Akut koroner sendromların komplikasyonları
Akut koroner sendromlar, komplikasyon riski taşır. Sağlık ve yaşam için tehlikeli olan komplikasyon riski özellikle STEMI enfarktüsünden kaynaklanmaktadır. Bunlardan en tehlikelileri şunları içerir:
- pulmoner ödem veya hatta kardiyojenik şok şeklinde akut kalp yetmezliği (bir enfarktüsün ventriküler kas kütlesinin>% 40'ını etkilediği zaman meydana gelebileceği varsayılmaktadır)
- iskemik rekürrens / yeniden enfarktüs
- kalpteki mekanik komplikasyonlar: papiller kas rüptürü, interventriküler septumda rüptür veya kalbin serbest duvarı (bu komplikasyonlar nadirdir; sıklıkları% 1-2 arasında değişir)

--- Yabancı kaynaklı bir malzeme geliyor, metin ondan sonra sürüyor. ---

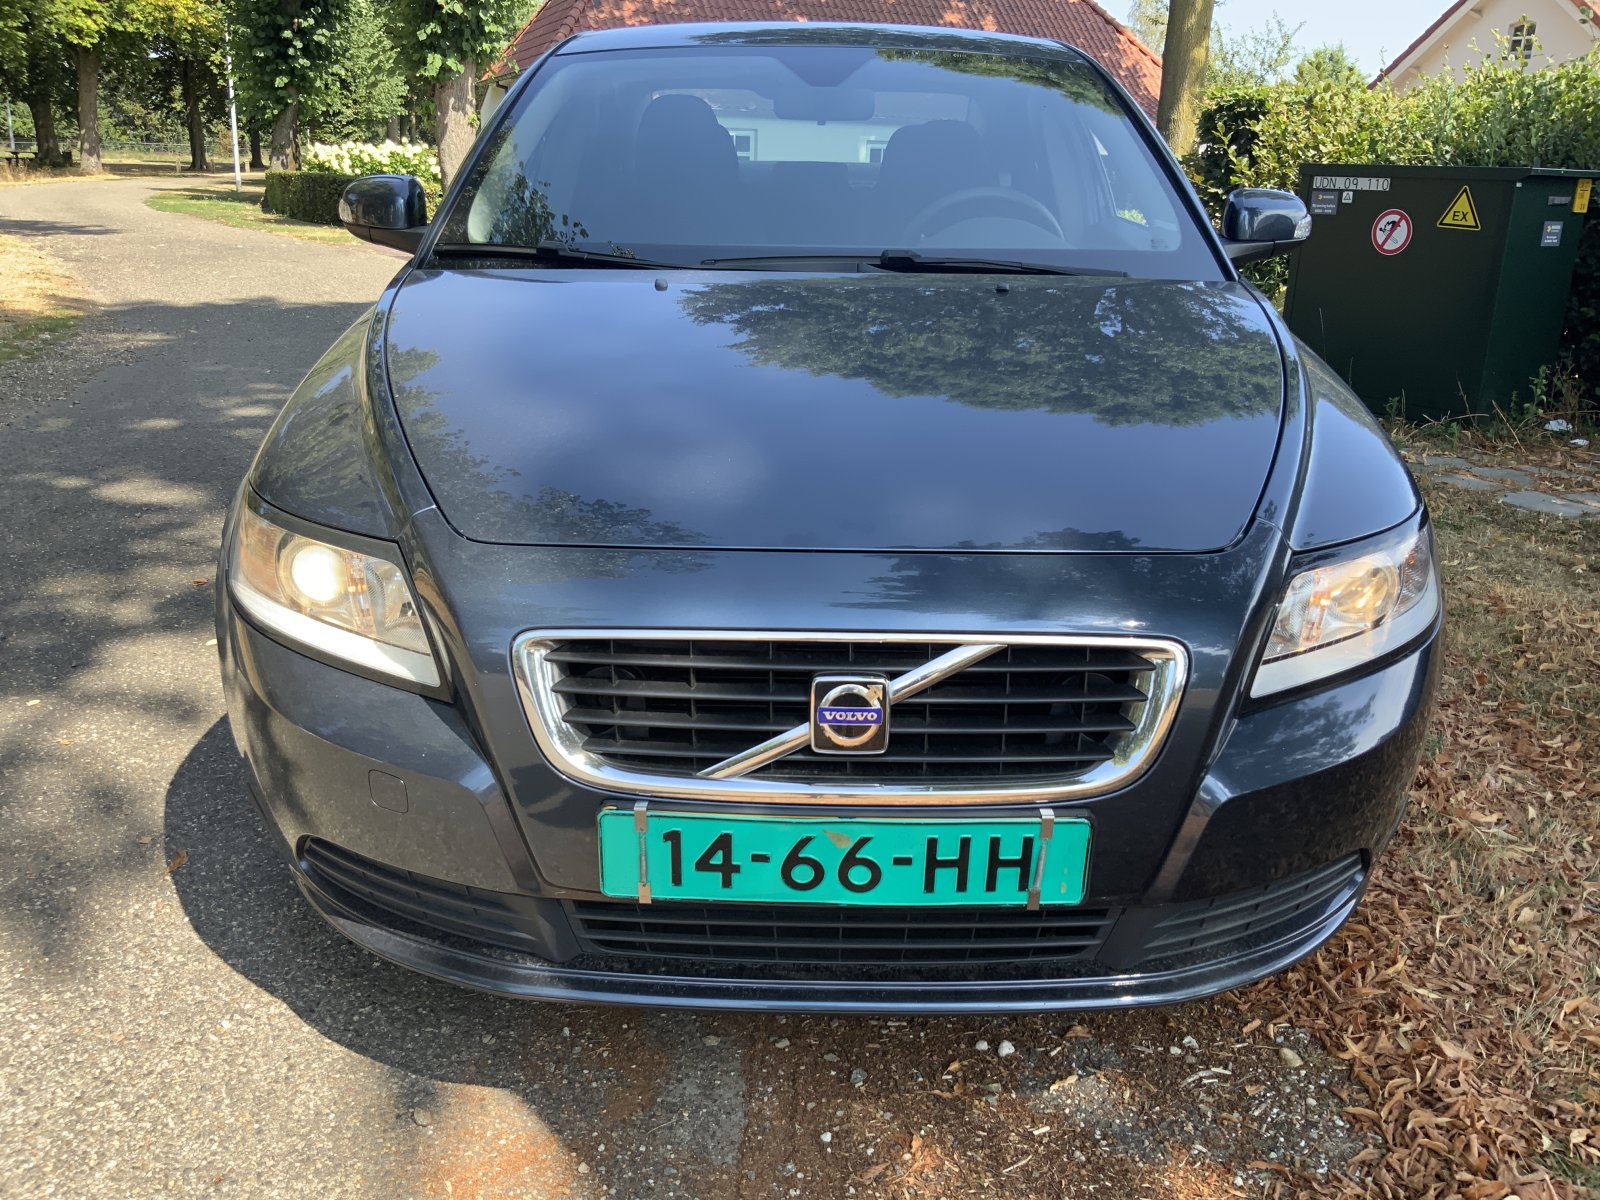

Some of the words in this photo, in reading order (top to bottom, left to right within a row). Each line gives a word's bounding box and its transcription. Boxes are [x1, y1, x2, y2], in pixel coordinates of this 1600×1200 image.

- Kardiyak aritmiler, en tehlikelisi ventriküler fibrilasyondur (STEMI'li hastaların% 15-20'si), aslında kalp masajı gerektiren ani kalp durması durumu. VF, yüksek mortalite ile ilişkilidir ve uzun vadeli prognozu önemli ölçüde kötüleştirir
- kalp anevrizması
Akut koroner sendrom - prognoz ve rehabilitasyon
Akut bir koroner sendromdan kurtulmak, olay sonrası erken dönemde artan ölüm riski ile ilişkilidir ve uzun vadeli prognozu kötüleştirir. Erken ve geç prognozun hızlı bir şekilde teşhis ve tedavi edilmesinin ne kadar önemli olduğuna şüphe yok.
Bununla birlikte, bir koroner olaydan sonra uygun yönetim önemlidir. Kardiyovasküler riskin azaltılmasıyla ilişkili olan aterosklerozun ilerlemesini inhibe etmeyi amaçlayan farmakolojik olmayan tedavinin rolü abartılamaz. Temel varsayımları şunlardır:
- sigarayı bırakma (aktif ve pasif) - sigarayı bıraktıktan bir yıl sonra tekrarlayan bir koroner olay riski% 50 düşer!
- kilo kaybı
- bir diyet başlatmak - ACS'den sonra hastalar diyet konsültasyonundan yararlanmalıdır; temel ilkeler şunlardır: gıdada niteliksel bir değişiklik (daha fazla sebze ve meyve, tam tahıllı ekmek, balık, yağsız et yemek), doymuş ve trans yağların azaltılması pahasına tekli ve çoklu doymamış yağların tüketiminin artırılması, sınırlı sofra tuzu tüketimi
- Fiziksel aktiviteyi artırmak - haftada en az 5 kez 30 dakika orta yoğunlukta aerobik egzersiz özellikle tavsiye edilir
Kalp krizinden sonra hasta kalp rehabilitasyonuna girer. İlk aşaması bir hastane ortamında gerçekleşir. İkinci aşama sabit koşullarda gerçekleşebilir - bir rehabilitasyon hastanesi, kardiyak rehabilitasyon bölümleri veya ayakta tedavi, yani gündüz bakım bölümlerinde.
Farmakolojik tedavinin optimizasyonu, hastayı farmakolojik olmayan tedavi alanında eğitme ve optimal, kişiye özel egzersiz programları oluşturmayı içeren multidisipliner faaliyetleri kapsar.